Rachel Jessica Daniel, American Studies doctoral candidate
and Instructor at the University of Massachusetts, Amherst, will visit campus
as the African-American/Africana Studies guest lecturer on Oct. 22 at 7 p.m. in
Pfahler Hall’s Musser Auditorium. The title of her talk, which is free and open
to the public, is “Dragging the Black Church: Tyler Perry, Steve Harvey, and
Rickey Smiley Perform Black Women.”
The following day, Oct. 23, at Unity House,
an open discussion will be held with Daniel from 12 to 1 p.m. about the
interdisciplinary nature of her research and questions it raises.
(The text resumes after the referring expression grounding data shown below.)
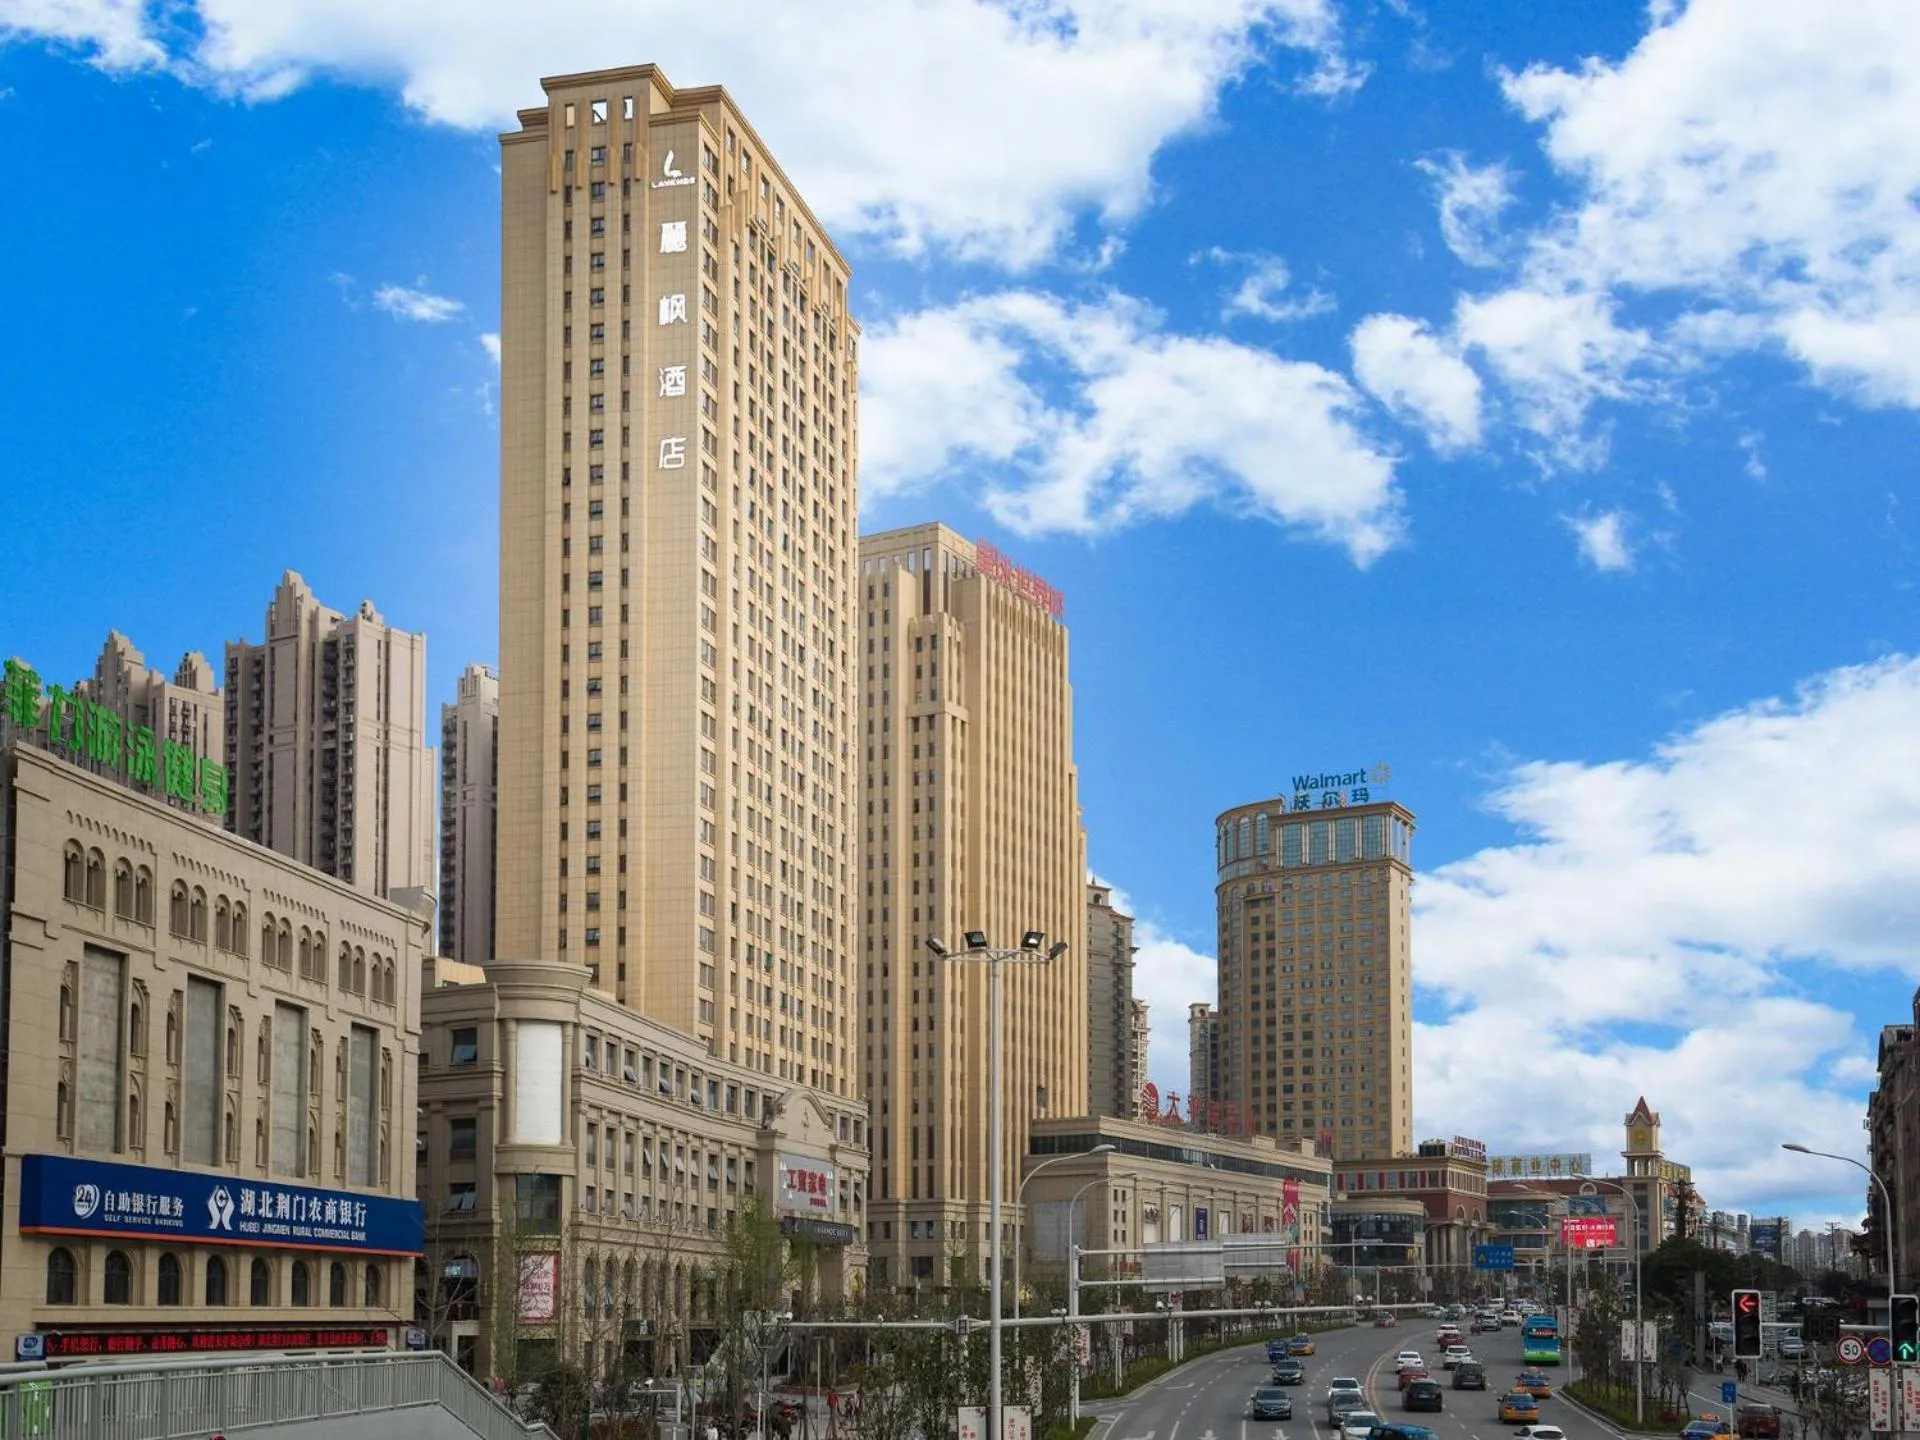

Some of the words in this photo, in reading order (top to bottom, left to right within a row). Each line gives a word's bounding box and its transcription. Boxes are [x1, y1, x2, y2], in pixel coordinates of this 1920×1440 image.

[1292, 768, 1368, 791] Walmart
[1293, 787, 1370, 810] 沃尔玛
[104, 1190, 184, 1217] 自助银行服务
[240, 1187, 367, 1228] 湖北荆门农商银行
[104, 1214, 121, 1222] SELF
[124, 1216, 152, 1226] SERVICE
[155, 1218, 184, 1228] BANKING
[240, 1222, 259, 1233] HUBEI
[262, 1223, 290, 1236] JINGMEN
[293, 1225, 313, 1237] RURAL
[314, 1227, 350, 1240] COMMERCIAL
[351, 1230, 367, 1242] BANK
[1843, 1344, 1859, 1355] 50
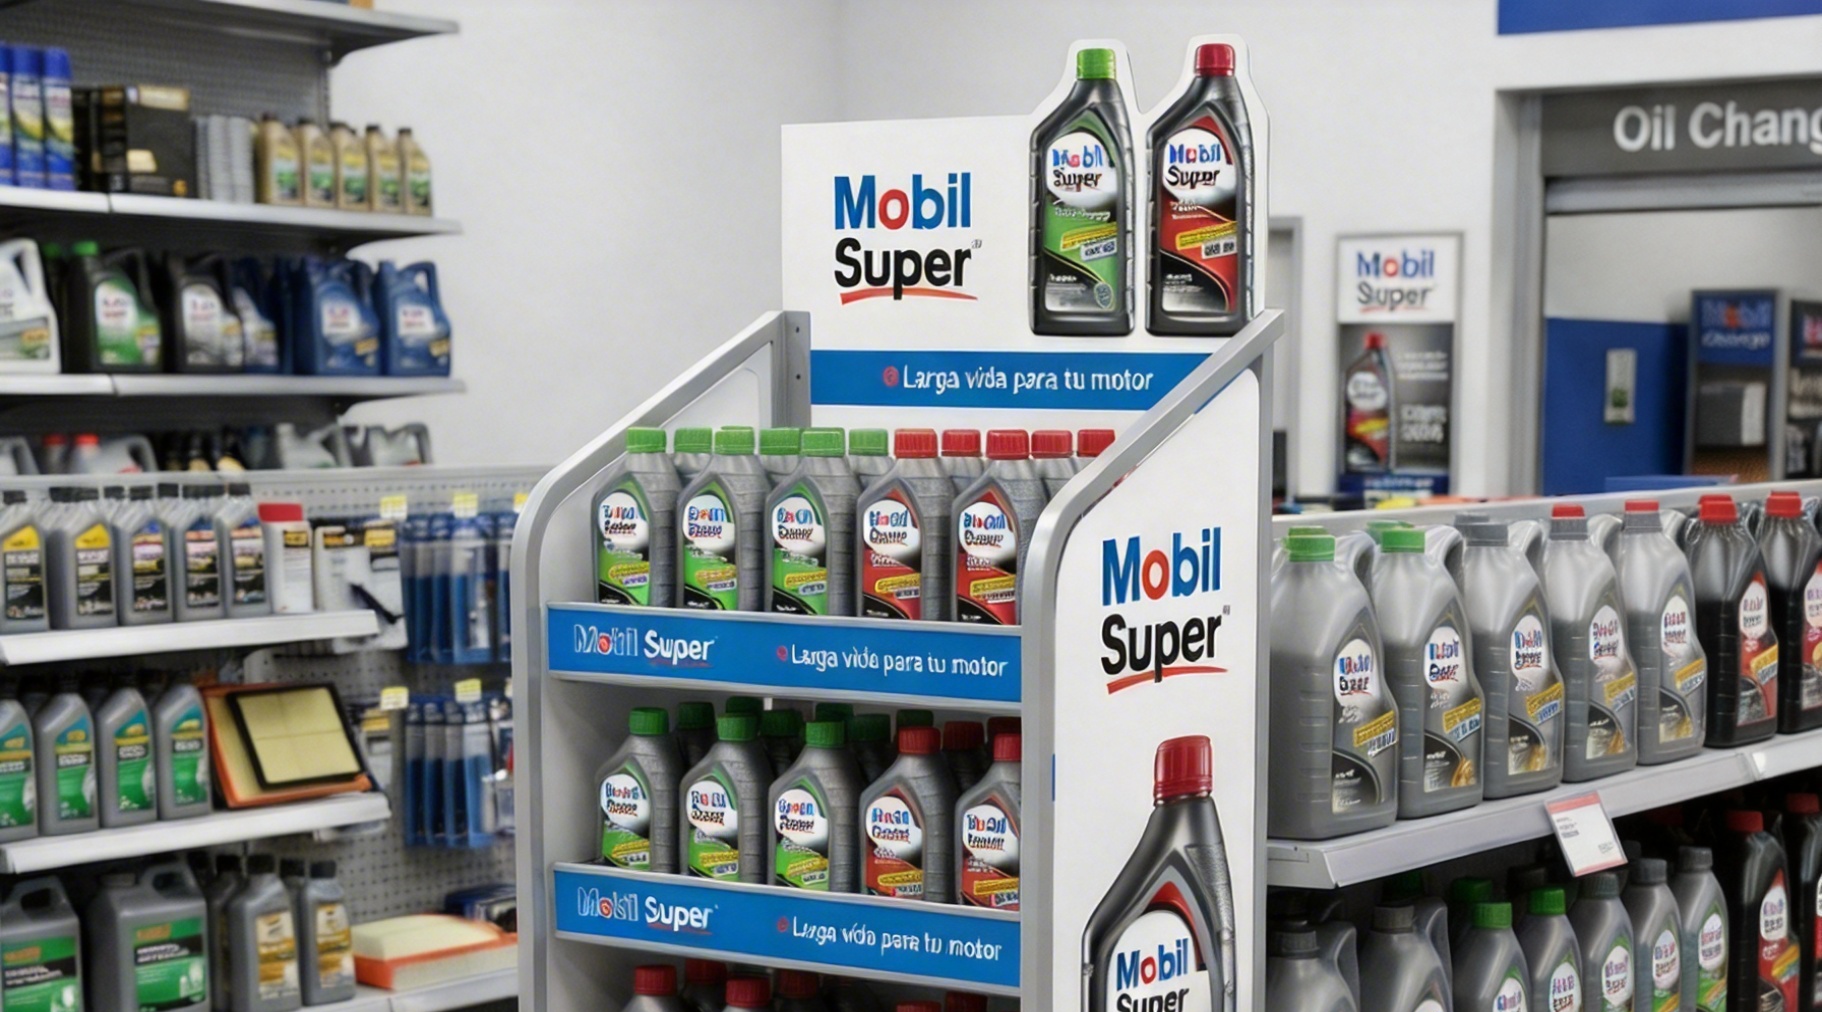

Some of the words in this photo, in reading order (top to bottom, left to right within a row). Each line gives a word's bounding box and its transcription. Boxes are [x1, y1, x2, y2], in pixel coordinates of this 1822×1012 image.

[1613, 104, 1676, 152] Oil
[834, 172, 971, 231] Mobil
[834, 237, 972, 301] Super
[1357, 250, 1434, 278] Mobil
[1357, 281, 1432, 311] Super
[903, 364, 960, 395] Larga
[964, 366, 1007, 389] vida
[1013, 372, 1059, 394] para
[1064, 368, 1085, 390] tu
[1091, 368, 1154, 391] motor
[1102, 527, 1221, 606] Mobil
[644, 629, 715, 665] Super
[884, 653, 923, 676] para
[928, 652, 946, 673] tu
[951, 655, 1008, 677] motor
[1101, 612, 1222, 683] Super
[645, 895, 713, 932] Super
[881, 932, 920, 956] para
[924, 931, 942, 954] tu
[946, 937, 1002, 961] motor
[1116, 937, 1189, 991] Mobil
Daniel is a 2006 Ursinus graduate, and her lecture is drawn
from her dissertation, “Resurrecting the Black Church: Representations of the
Black Church in a Post Civil Rights Movement Era.” It will unpack cultural
production as practiced by Tyler Perry, who is known for his comedic drag
representations of African-American working-class women. Perry, a writer,
director, actor and comedian, has become a significant shaper of contemporary
popular culture and is the most prominent of three comedians who cover this
terrain. Daniel writes, “dragging the black church is a performative gesture
that performers use to playfully define black church culture. Drag is a tool
that Steve Harvey, Rickey Smiley and Tyler Perry use in order to make claims
about race, gender, class, and theology.”